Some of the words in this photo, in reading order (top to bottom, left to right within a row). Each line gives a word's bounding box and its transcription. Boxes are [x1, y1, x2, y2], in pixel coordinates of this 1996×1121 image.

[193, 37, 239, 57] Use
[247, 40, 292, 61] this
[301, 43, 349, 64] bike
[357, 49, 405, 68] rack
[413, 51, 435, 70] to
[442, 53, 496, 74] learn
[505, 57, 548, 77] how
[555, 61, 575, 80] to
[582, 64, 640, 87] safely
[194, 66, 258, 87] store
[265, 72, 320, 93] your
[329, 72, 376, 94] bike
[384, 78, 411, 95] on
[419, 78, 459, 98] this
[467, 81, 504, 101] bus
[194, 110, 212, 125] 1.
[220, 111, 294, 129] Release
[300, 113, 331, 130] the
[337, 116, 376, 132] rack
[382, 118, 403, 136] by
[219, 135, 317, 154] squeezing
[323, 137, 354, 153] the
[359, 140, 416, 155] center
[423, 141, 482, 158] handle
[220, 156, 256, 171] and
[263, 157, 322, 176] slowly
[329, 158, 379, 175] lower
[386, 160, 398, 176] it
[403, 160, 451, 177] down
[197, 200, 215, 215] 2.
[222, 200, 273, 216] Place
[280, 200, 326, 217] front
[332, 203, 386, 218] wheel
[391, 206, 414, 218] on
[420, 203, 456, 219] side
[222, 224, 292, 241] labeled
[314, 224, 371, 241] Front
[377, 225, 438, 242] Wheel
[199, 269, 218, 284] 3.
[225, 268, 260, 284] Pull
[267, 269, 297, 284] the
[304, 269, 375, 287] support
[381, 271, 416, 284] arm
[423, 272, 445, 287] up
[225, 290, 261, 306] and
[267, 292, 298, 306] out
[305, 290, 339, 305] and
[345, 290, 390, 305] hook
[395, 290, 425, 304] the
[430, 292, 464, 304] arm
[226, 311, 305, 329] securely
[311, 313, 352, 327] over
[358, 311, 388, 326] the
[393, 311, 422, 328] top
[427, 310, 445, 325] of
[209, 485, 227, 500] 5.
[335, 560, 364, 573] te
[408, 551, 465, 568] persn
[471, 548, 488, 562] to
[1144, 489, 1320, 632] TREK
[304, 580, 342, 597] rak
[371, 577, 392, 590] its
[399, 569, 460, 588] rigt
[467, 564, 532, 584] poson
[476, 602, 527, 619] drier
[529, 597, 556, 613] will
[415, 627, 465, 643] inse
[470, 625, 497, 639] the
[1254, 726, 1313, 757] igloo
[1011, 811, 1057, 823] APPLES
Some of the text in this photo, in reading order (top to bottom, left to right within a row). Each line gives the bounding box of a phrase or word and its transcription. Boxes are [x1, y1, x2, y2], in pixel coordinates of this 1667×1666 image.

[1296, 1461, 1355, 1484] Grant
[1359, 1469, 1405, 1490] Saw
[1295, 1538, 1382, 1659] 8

☆ ☆ ☆ ☆

▶ _What this task involves_
Go through the records above and retype each one exactly.

▶ _Task result_
Some of the words in this photo, in reading order (top to bottom, left to right within a row). Each line gives a word's bounding box and its transcription. Boxes are [x1, y1, x2, y2], in pixel coordinates of this 1996×1121 image.

[193, 37, 239, 57] Use
[247, 40, 292, 61] this
[301, 43, 349, 64] bike
[357, 49, 405, 68] rack
[413, 51, 435, 70] to
[442, 53, 496, 74] learn
[505, 57, 548, 77] how
[555, 61, 575, 80] to
[582, 64, 640, 87] safely
[194, 66, 258, 87] store
[265, 72, 320, 93] your
[329, 72, 376, 94] bike
[384, 78, 411, 95] on
[419, 78, 459, 98] this
[467, 81, 504, 101] bus
[194, 110, 212, 125] 1.
[220, 111, 294, 129] Release
[300, 113, 331, 130] the
[337, 116, 376, 132] rack
[382, 118, 403, 136] by
[219, 135, 317, 154] squeezing
[323, 137, 354, 153] the
[359, 140, 416, 155] center
[423, 141, 482, 158] handle
[220, 156, 256, 171] and
[263, 157, 322, 176] slowly
[329, 158, 379, 175] lower
[386, 160, 398, 176] it
[403, 160, 451, 177] down
[197, 200, 215, 215] 2.
[222, 200, 273, 216] Place
[280, 200, 326, 217] front
[332, 203, 386, 218] wheel
[391, 206, 414, 218] on
[420, 203, 456, 219] side
[222, 224, 292, 241] labeled
[314, 224, 371, 241] Front
[377, 225, 438, 242] Wheel
[199, 269, 218, 284] 3.
[225, 268, 260, 284] Pull
[267, 269, 297, 284] the
[304, 269, 375, 287] support
[381, 271, 416, 284] arm
[423, 272, 445, 287] up
[225, 290, 261, 306] and
[267, 292, 298, 306] out
[305, 290, 339, 305] and
[345, 290, 390, 305] hook
[395, 290, 425, 304] the
[430, 292, 464, 304] arm
[226, 311, 305, 329] securely
[311, 313, 352, 327] over
[358, 311, 388, 326] the
[393, 311, 422, 328] top
[427, 310, 445, 325] of
[209, 485, 227, 500] 5.
[335, 560, 364, 573] te
[408, 551, 465, 568] persn
[471, 548, 488, 562] to
[1144, 489, 1320, 632] TREK
[304, 580, 342, 597] rak
[371, 577, 392, 590] its
[399, 569, 460, 588] rigt
[467, 564, 532, 584] poson
[476, 602, 527, 619] drier
[529, 597, 556, 613] will
[415, 627, 465, 643] inse
[470, 625, 497, 639] the
[1254, 726, 1313, 757] igloo
[1011, 811, 1057, 823] APPLES
Some of the text in this photo, in reading order (top to bottom, left to right within a row). Each line gives the bounding box of a phrase or word and its transcription. Boxes are [x1, y1, x2, y2], in pixel coordinates of this 1667×1666 image.

[1296, 1461, 1355, 1484] Grant
[1359, 1469, 1405, 1490] Saw
[1295, 1538, 1382, 1659] 8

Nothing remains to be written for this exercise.